THE ECONOMICS OF SALT CAKE RECYCLING: D. Graziano, J. N. Hryn, E. J. Daniels, Argonne National Laboratory, Energy Systems Division, 9700 South Cass Avenue, Building 362, Argonne, IL 60439-4815
The Process Evaluation Section at Argonne National Laboratory has a major
program aimed at developing cost-effective technologies for salt cake
recycling. This paper addresses the economic feasibility of technologies for
the recovery of aluminum, salt, and residue-oxide fractions from salt cake.
Three processes were assessed for salt recovery from salt cake: (i) base case:
leaching in water at 25deg.C, with evaporation to crystallize salts; (ii) high
T/high P case: leaching in water at 250deg.C, with flash crystallization to
precipitate salts; and (iii) solvent/anti-solvent case: leaching in water at
25deg.C, concentrating by evaporation and reaction with acetone to precipitate
salts. Base case economics were evaluated at two leaching effluent brine
concentrations, 12 and 22 wt%. All test cases for salt recovery had a negative
present value, given current pricing structure and 20% return on investment.

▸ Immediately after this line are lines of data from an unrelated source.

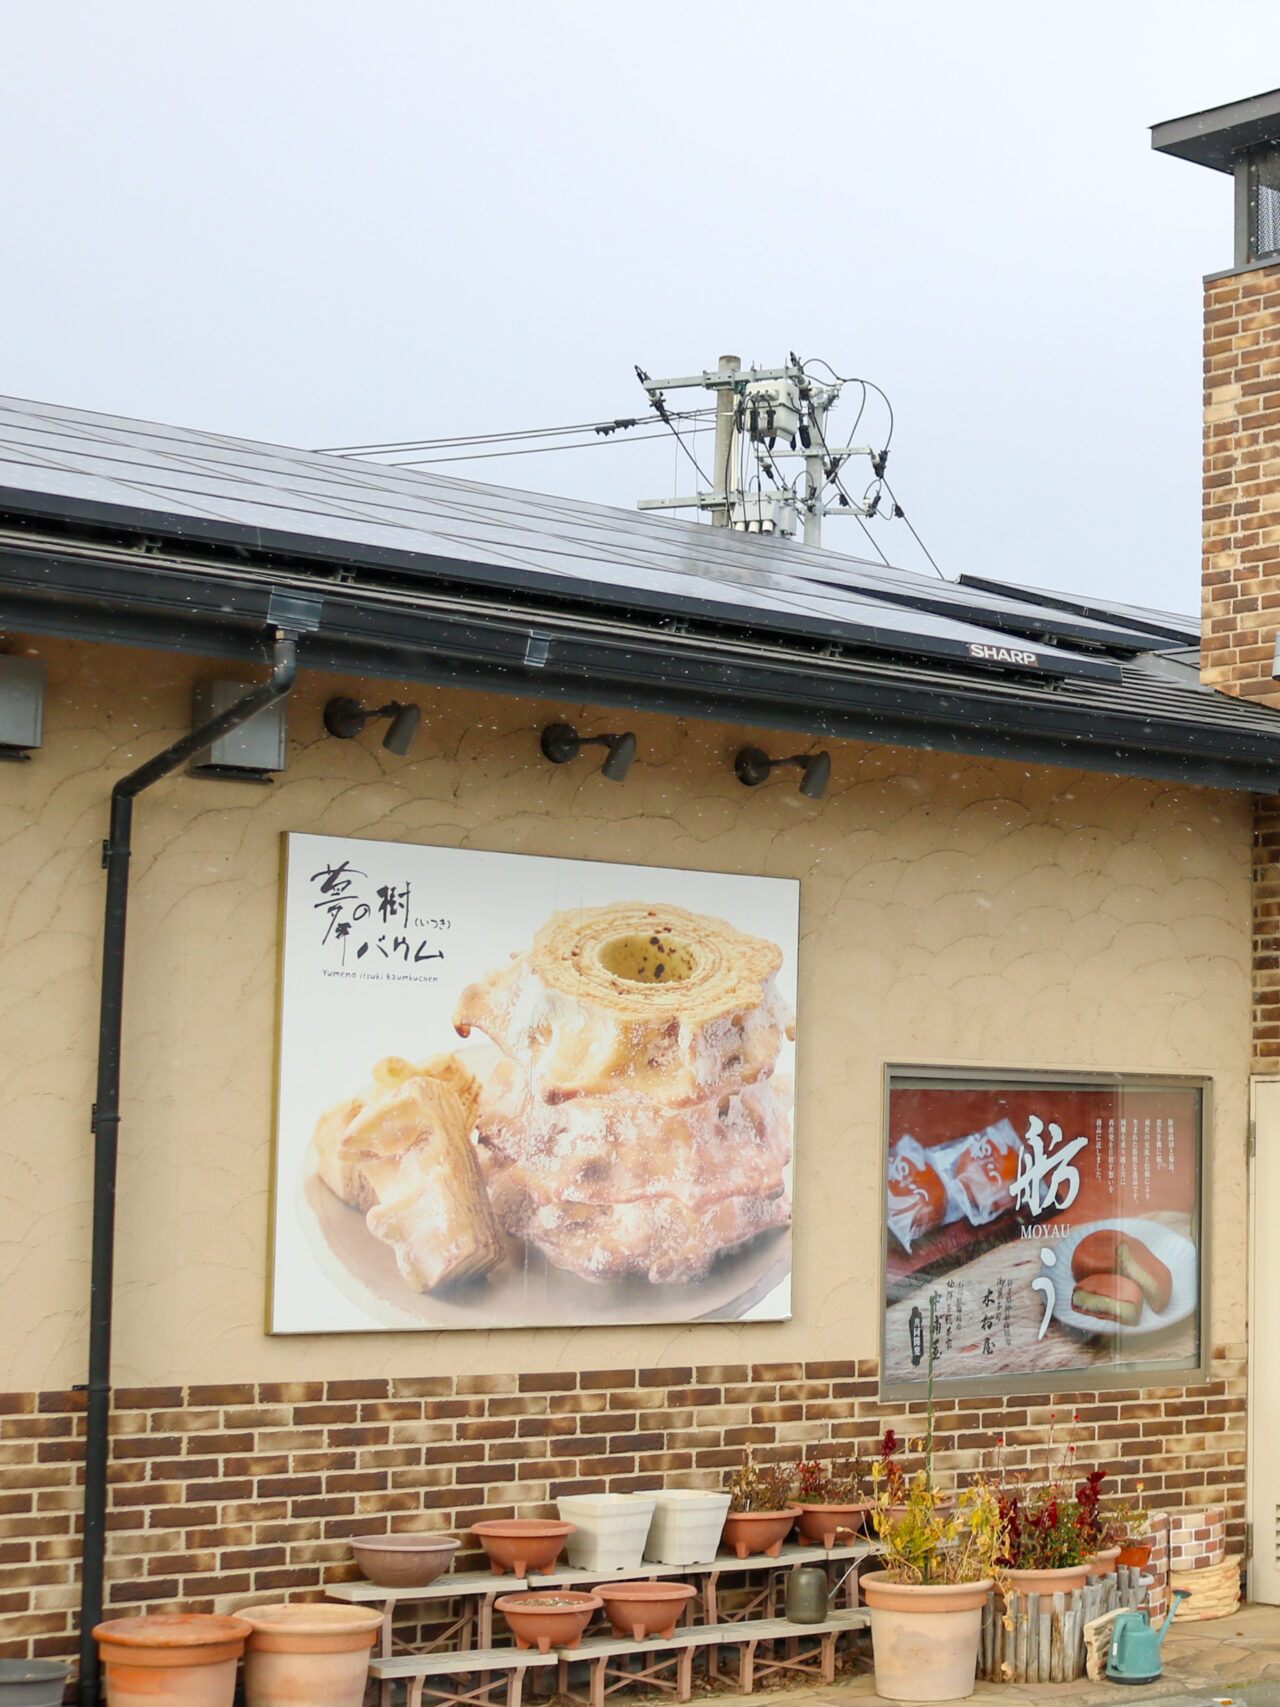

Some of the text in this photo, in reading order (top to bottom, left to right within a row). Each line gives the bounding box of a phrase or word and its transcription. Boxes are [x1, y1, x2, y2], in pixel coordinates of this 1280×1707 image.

[970, 643, 1036, 665] SHARP
[357, 935, 444, 962] バウム
[322, 969, 357, 979] Yumeno
[1020, 1223, 1071, 1240] MOYAU
[980, 1288, 996, 1355] 木村屋

Although manufacturing costs (variables plus fixed) could reasonably be
recovered in the sales price of the salt product, capital costs cannot. The
economics for the recycling processes are improved, however, if the
residue-oxide can be sold instead of landfilled. For example, the base case
process would be profitable at a wet oxide value of 10 cents/lb. The economics
of alternative scenarios were also considered, including aluminum recovery with
landfilling of salts and oxides, and aluminum and residue-oxide recovery with
discharging of concentrated salt solutions. The economics associated with
additional processing of residue-oxide were also evaluated.